Вывод из всех рассказанных историй, однако, имелся один: чтобы спасти живую душу, следовало вырваться из мещанской среды, найти родственного себе возвышенного спутника (кого же, как не его, пана Ромуальда?), и двинуться по жизненном пути, усыпанном цветами и терниям, к звездам или куда уж удастся дойти-долететь окрыленным личностям.

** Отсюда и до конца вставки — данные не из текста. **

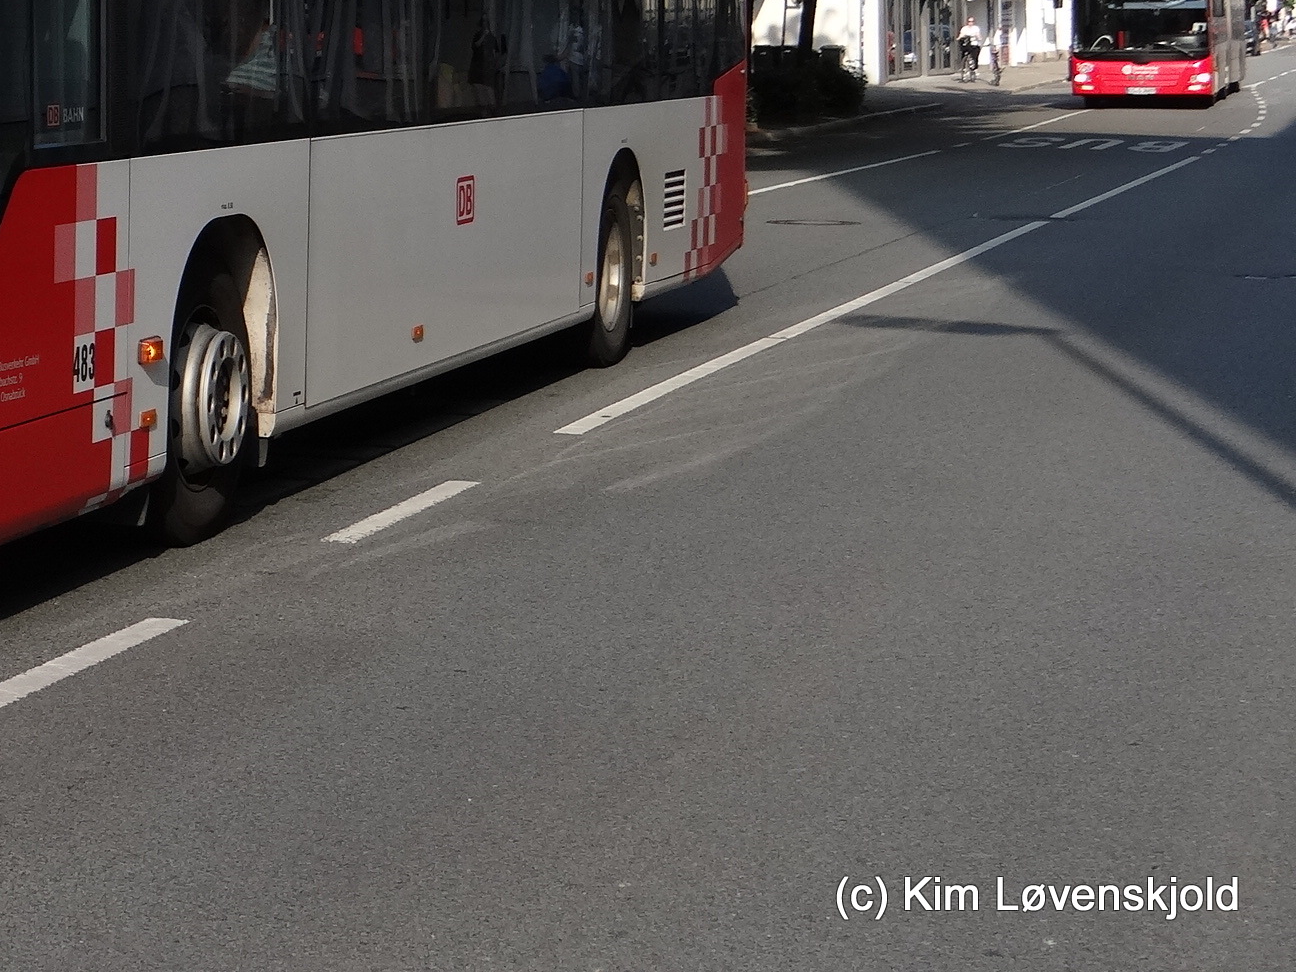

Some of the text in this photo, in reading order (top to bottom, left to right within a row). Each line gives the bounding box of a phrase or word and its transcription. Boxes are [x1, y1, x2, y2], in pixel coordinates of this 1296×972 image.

[63, 107, 84, 123] BAHN
[997, 136, 1191, 153] BUS
[458, 183, 472, 218] DB
[72, 342, 95, 383] 483

Хотя бы до ближайшего большого города, где, несомненно, настоящий художнический талант найдет себе признание, а его модель будет прославлена так же, как возлюбленная булочница Рафаэля, воплощенная в бессмертных образах Мадонны.

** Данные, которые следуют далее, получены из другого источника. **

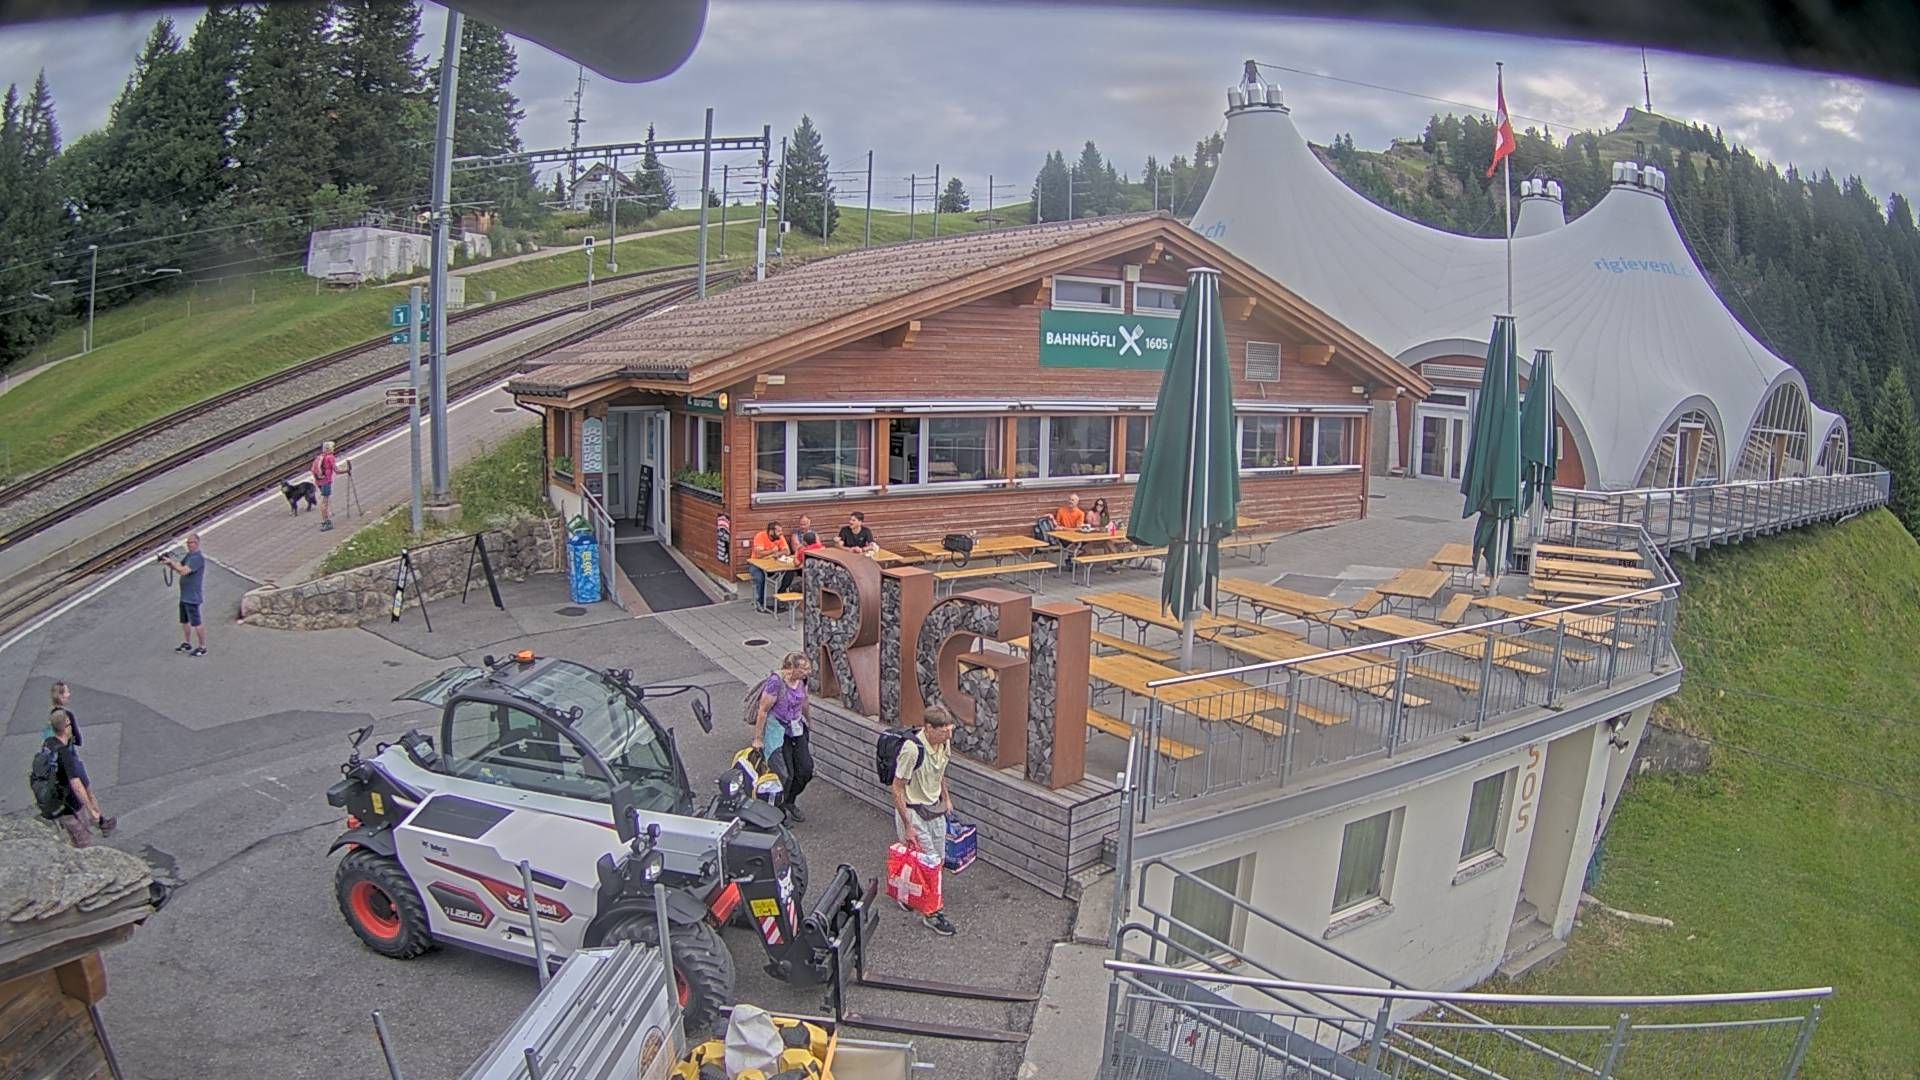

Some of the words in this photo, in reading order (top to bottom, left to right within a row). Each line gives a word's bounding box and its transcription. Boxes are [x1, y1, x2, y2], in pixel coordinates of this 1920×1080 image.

[1046, 331, 1116, 348] BAHNHÖFLI
[1145, 337, 1168, 350] 1605
[802, 548, 1092, 790] RIGI
[1516, 743, 1540, 833] SOS

И ей-богу, Ромуальдовы речи давали плоды. Панна Софья даже перестала во время сеансов есть изюм и давиться от смеха при взгляде на закрученные кольцами усы и великолепный бархатный бант-галстук художника. Правда, по-прежнему оставалась бессловесной, как истинная мраморная богиня. Но ее глаза говорили лучше всяких слов! Ах, как многозначительно смотрели они на пана Ромуальда! Да что говорить, если даже рыжий Ганька больше не засыпал на сеансах позирования невесты.

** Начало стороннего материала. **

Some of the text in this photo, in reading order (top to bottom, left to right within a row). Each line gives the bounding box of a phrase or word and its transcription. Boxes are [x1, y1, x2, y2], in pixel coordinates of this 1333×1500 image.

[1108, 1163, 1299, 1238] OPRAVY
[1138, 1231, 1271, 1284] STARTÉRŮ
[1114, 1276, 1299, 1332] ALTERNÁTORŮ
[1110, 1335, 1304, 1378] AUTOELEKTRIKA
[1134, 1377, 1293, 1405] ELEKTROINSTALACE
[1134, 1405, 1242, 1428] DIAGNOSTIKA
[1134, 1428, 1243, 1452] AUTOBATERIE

И вот сегодня — последний, решающий день! Как ни оттягивал пан Ромуальд момент завершения портрета, дальше тянуть было невозможно. Несколько заключительных мазков — и сребреники Шкудровича перекроют аптекарскому сыну доступ к банковской наследнице.

Панна Софья позировала, как всегда, в оббитом синим бархатом кресле, в белом шелковом платье с кружевами, как морская пена. Весь товар средней величины ювелирного магазина пошел на украшение шеи, рук, ушей, прически и других деталей барышни, так что богатство рода Шкудровичей должно было быть достойно отражено и на портрете его последней представительницы. Рыжий Ганька скромно сидел на стуле в углу и крутил в толстых пальцах дорогие золотые часы. Проклятые символы богатства!

Пан Ромуальд тронул розовой краской щеку нарисованной богини. Сегодня или никогда!

Так, никогда больше в Шкудровичевом доме не звучали такие пламенные, вдохновенные рассказы о высочайшем призвании человека, отповедь проклятому богатству и печальному существованию в мещанском мире. Краска капала с кисти на ботинки художника, на пышные ковры с розами — разве эти розы можно сравнить с настоящими! Набриолиненные волосы пана Ромуальда сияли, как поверхность концертного рояля, усы перестали завиваться колечками и снова воинственно торчали.

— До чего мне нужен сейчас альбом Рубенса! Я бы усовершенствовал свои последние правки... Как бы мне этот альбом получить поскорее? Видел его в библиотеке, на нижней полке. Он такой большой, в желтой обложке, на нем так и написано — Рубенс. Прислуга может спутать, а я не настолько свободно чувствую себя в этом благословенном доме...

О, как хитро, как долго и тщательно отрабатывал господин Ромуальд эту фразу! Высокое чувство, несомненно, пробудило его способность к тонким интригам. Простак Ганька послушно поднялся и пошел искать альбом таинственного Рубенса. Наконец настала решительная минута — один на один... Договориться о последнем свидании — и...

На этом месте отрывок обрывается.